Gleicher Kreis, gleicher Pokal: Wie sich die Bilder gleichen. 2001 findet die Frauen-EM in Deutschland statt. Der Sieger ist ein alter Bekannter - die DFB-Frauen gewinnen mit Golden Goal 1:0 gegen Schweden.

Flugversuch

Nichts ist unmöglich: Für die DFB-Frauen gilt seit ihrem ersten Länderspiel: Es geht stets bergauf, Grenzen kennen die Spielerinnen nicht. Sieben EM-Titel, zwei WM-Titel - nur Fliegen können sie noch nicht. Der Versuch von Sandra Smisek 2001 war auch nicht von Erfolg gekrönt.

Tragischer Held

Torwart-Schicksal: Bei der WM 2002 war Oliver Kahn der große Rückhalt der Nationalmannschaft. Der Münchner hielt nahezu perfekt - bis zum Finale. Ein kleiner Fehler brachte Brasilien auf die Siegerstraße. Der tragische Held Kahn wurde zum Trost zum besten Torhüter des Turniers und zum besten der Welt gewählt.

Erfolgsdoppel

Frauenpower mal zwei: Cheftrainerin Theune-Meyer und Assistentin Silvia Neid - 2003 coachte das Duo die DFB-Frauen zum ersten WM-Titel.

Goldener Moment

Gruppenbild mit Pokal: Spielführerin Bettina Wiegmann stemmt den WM-Pokal in die Luft, sehr zur Freude des gesamten Teams. Durch ein Golden Goal von Nia Künzer siegte das DFB-Team zuvor im WM-Endspiel gegen Schweden 2:1.

Star und doch auch Fan

Hoffnungsträger trifft Superstar: Es war am Rande des Länderspiels Brasilien gegen Deutschland 2004 in Berlin. Lukas Podolski, damals ein junger Hoffnungsträger im deutschen Team, trifft Ronaldo, Weltmeister, Weltfußballer, WM-Torschützenkönig. Da wurde auch "Poldi" zum Fan.

Streicheleinheiten

Der DFB hat einen "Vogel": Ja, Paule heißt er und seit 2005 ist er das Maskottchen des Verbandes. Der "kleine Adler" liebt Fußball und für unsere Besten hat Paule auch mal eine Streicheleinheit übrig - so wie hier für Oliver Kahn.

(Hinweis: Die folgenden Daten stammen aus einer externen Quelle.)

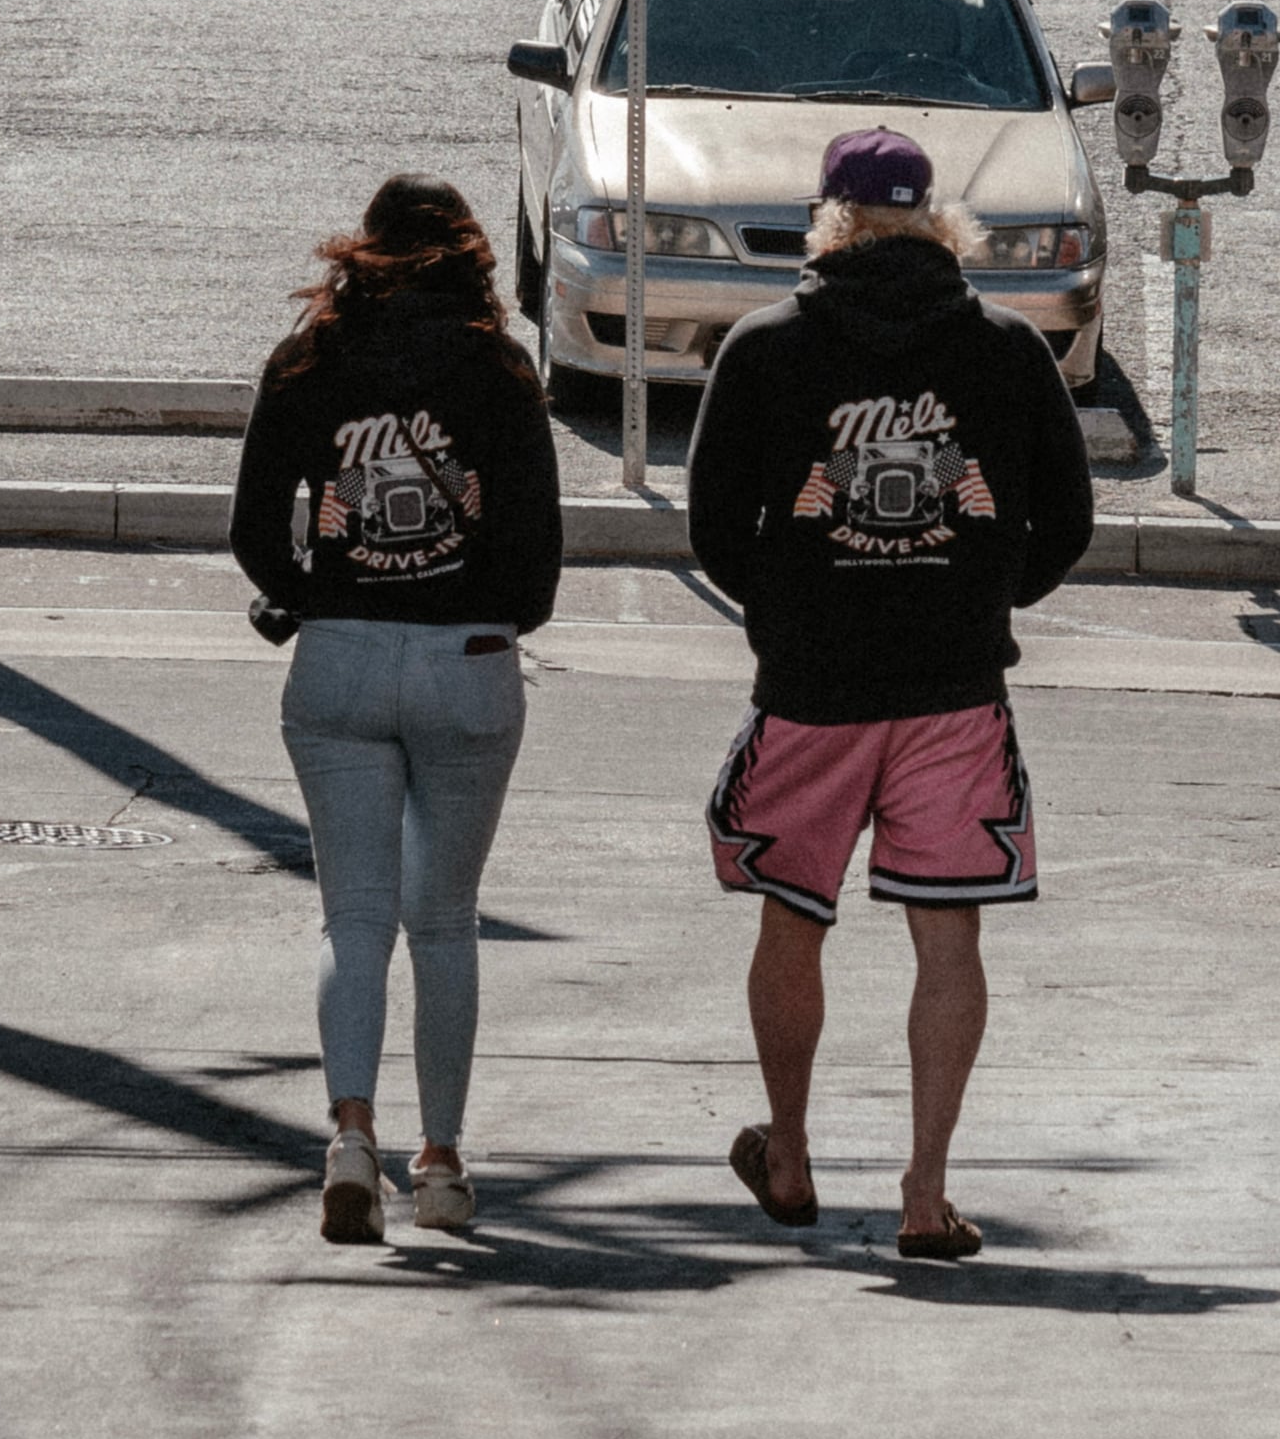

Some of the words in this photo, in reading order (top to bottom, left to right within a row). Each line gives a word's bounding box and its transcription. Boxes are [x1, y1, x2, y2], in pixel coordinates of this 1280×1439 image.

Großes Spiel und großes Ziel

Gastgeber: Zum zweiten Mal durfte der DFB eine Fußball-Weltmeisterschaft der Männer austragen. Die FIFA hatte dem DFB den Zuschlag für das große Spiel 2000 gegeben. Fortan arbeitete das Organisationskomitee um Franz Beckenbauer an der Realisierung eines Fußball-Festes - ein großes Ziel.

Akrobat schön

Salto á la Klose: Der Stürmer feiert seine Tore oft spektakulär mit einem Salto - ob in der Bundesliga oder in der Nationalmannschaft. Die Fans wünschen sich noch oft den "fliegenden Klose".

Gehalten

Elftertöter und Wohltäter: Jens Lehmann pariert im WM-Viertelfinale gegen Argentinien den Elfmeter von Cambiasso. Die DFB-Auswahl war weiter, wurde am Ende Dritter. Den Tipp, wohin Cambiasso bevorzugt schießt, hatte Lehmann auf einem Zettel von Torwarttrainer Köpke bekommen. Dieser Zettel brachte später eine Million für den guten Zweck.

Massenbewegung

Fanmeile: Ein Begriff der WM 2006. Die DFB-Auswahl wurde am Ende von fast einer Million Fans am Brandenburger Tor gefeiert. Doch schon während der Weltmeisterschaft feierten Millionen bei den öffentlichen "Fußball-Partys". Die Fanmeile wurde zur Massenbewegung - Fußballspaß in der Gemeinschaft.

Und 2010?

Hoffnungsträger: Michael Ballack führt das Team von Bundestrainer Joachim Löw im Sommer bei der WM in Südafrika an. Zuhause drücken Millionen Fans die Daumen, hoffen auf den vierten Stern. Nach 1954, 1974 und 1990 soll 2010 klappen.